This book has valuable thoughts for anyone in college, just out of college, wanting to quit their job and follow their passion, or just uncertain about their career in general.

If you like this, I recommend reading Deep Work, which is one of my favorite books read in the past several years.

My Favorite Quotes

  • You need to be good at something before you can expect a good job.
  • Discomfort with discomfort is a liability.
  • If you are not uncomfortable, you are probably stuck at an acceptable level.

Key Questions

  • Why do some people end up loving what they do, while so many others fail at this goal?
  • How do people end up loving what they do?
  • Why do some people enjoy their work while so many other people don’t?
  • How can I be really good?
  • What makes a great job great?
  • How can you tell if resistance is useful?
  • How do you make mission a reality in your working life?

Introduction

Cal became obsessed with this question: Why do some people end up loving what they do, while so many others fail at this goal?

The conventional wisdom of “follow your passion” is seriously flawed. If this is bad advice, what should I do instead?

You need to be good at something before you can expect a good job.

You should quest to become “so good they can’t ignore you.”

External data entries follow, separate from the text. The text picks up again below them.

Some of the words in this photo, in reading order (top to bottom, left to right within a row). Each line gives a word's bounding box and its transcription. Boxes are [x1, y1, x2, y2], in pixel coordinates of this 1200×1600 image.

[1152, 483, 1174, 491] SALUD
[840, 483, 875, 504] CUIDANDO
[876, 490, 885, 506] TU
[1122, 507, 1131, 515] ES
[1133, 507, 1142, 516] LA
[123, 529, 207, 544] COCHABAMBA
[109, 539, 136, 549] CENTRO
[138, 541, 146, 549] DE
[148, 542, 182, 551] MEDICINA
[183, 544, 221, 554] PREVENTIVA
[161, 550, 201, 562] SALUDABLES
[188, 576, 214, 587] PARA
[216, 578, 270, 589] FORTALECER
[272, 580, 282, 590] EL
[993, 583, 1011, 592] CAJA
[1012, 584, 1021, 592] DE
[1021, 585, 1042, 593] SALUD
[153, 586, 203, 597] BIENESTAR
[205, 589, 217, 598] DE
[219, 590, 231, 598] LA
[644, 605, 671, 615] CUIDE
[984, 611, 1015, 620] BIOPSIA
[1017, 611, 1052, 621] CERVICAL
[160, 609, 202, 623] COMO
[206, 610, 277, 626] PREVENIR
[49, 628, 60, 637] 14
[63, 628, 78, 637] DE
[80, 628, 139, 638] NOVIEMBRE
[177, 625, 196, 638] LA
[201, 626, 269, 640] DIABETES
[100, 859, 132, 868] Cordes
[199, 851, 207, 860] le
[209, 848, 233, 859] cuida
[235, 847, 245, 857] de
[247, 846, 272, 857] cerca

Rule #1: Don’t Follow Your Passion

Chapter 1: The “Passion” of Steve Jobs

Cal questions the validity of the Passion Hypothesis which states that the key to vocational happiness is to match your job to your passion.

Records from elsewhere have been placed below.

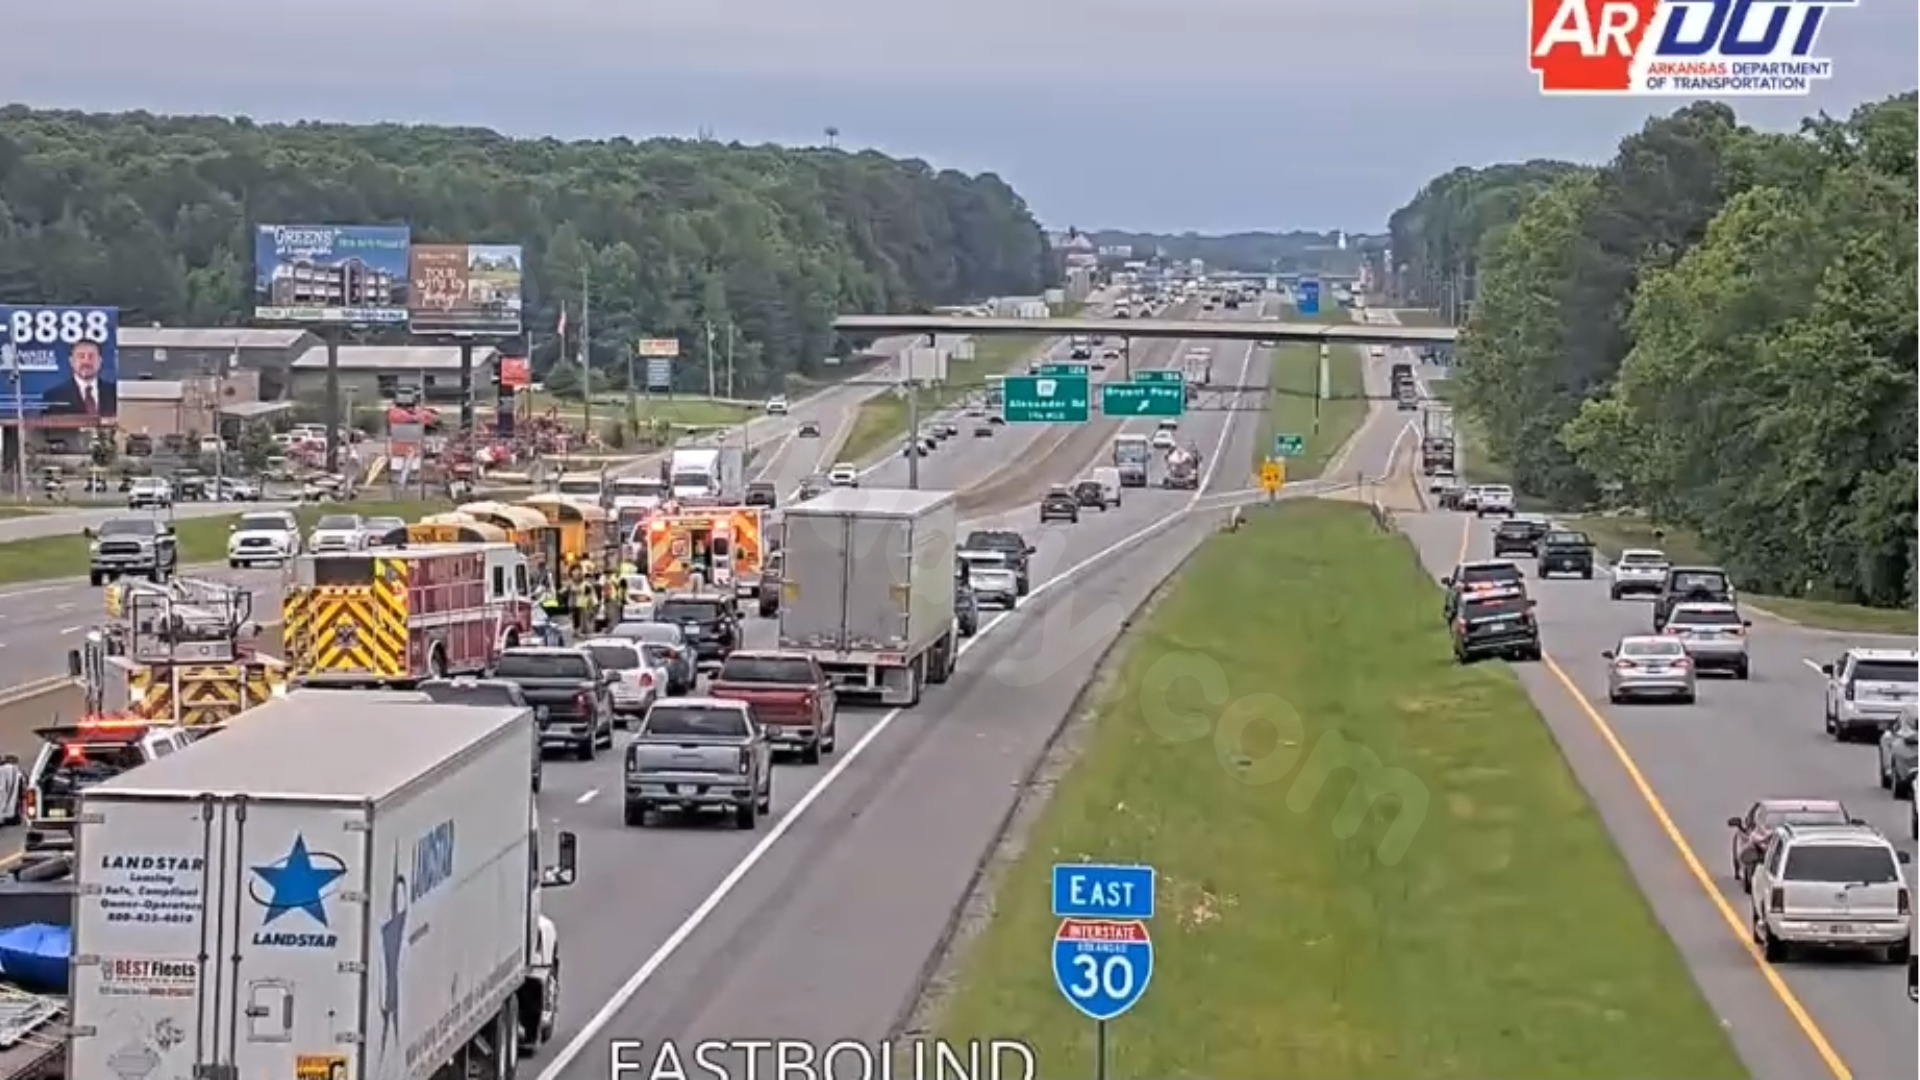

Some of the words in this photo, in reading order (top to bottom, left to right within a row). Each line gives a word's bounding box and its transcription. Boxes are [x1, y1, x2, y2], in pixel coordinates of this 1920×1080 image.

[101, 856, 205, 871] LANDSTAR
[130, 873, 175, 884] Leasing
[1070, 875, 1135, 907] EAST
[252, 932, 338, 948] LANDSTAR
[1067, 925, 1136, 940] INTERSTATE
[115, 960, 149, 975] BEST
[151, 961, 196, 977] Fleets
[1070, 953, 1134, 999] 30

The passion hypothesis raises a lot of questions:

  • How do we find work that we’ll eventually love?
  • Like Steve Jobs, should we resist settling into one rigid career and instead try lots of small schemes, waiting for one to take off?
  • Does it matter what general field we explore?
  • How do we know when to stick with a project or when to move on?
  • What really matters for creating work you love?

Chapter 2: Passion is Rare

The more you seek examples of the passion hypothesis, the more you recognize its rarity.

Cal suggests exploring some of the free documentaries and interviews at Road Trip Nation.

People often stumble into their passion.

The Science of Passion

Why do some people enjoy their work while so many other people don’t?

There are many complex reasons for workplace satisfaction. The notion of matching your job to a pre-existing passion is not among them.

Three conclusions of social science research in workplace satisfaction:

  1. Career passions are rare.
  2. Passion takes time.
  3. Passion is a side effect of mastery.

People think about their work in one of three distinct ways:

  1. A job – a way to pay the bills.
  2. A career – a path towards increasingly better work.
  3. A calling – work that is an important part of your life and a vital part of your identity.

The type of work alone does not indicate how much people enjoy it.

In one survey, the strongest predictor of an assistant seeing her work as a calling was the number of years on the job.

Self Determination Theory tells us that motivation in the workplace requires that you fulfill three basic psychological needs.

  1. Autonomy
  2. Competence
  3. Relatedness

Working right trumps finding the right work.

Chapter 3: Passion is Dangerous

Subscribing to the passion hypothesis can make you less happy.

If you search Google’s Ngram viewer for “follow your passion” you will see a big spike upward in modern times.

Following your passion for a career works only for a small sample size of highly talented people such as athletes.

The passion hypothesis convinces people that there is a magic right job waiting for them. This leads to chronic job-hopping and crippling self-doubt.

Without the passion hypothesis to guide us, what should we do instead?

This is the question Cal Newport takes up in the three rules that follow. These rules chronicle his quest to figure out how people really end up loving what they do.

Rule #2: Be So Good They Can’t Ignore You (Or, the Importance of Skill)

Chapter 4: The Clarity of the Craftsman

Two different approaches to thinking about work:

  1. The Craftsman Mindset – Focus on what value you are producing in your job.
  2. The Passion Mindset – Focus on what value your job offers you.

The Craftsman Mindset

The craftsman mindset focuses on what you can offer the world.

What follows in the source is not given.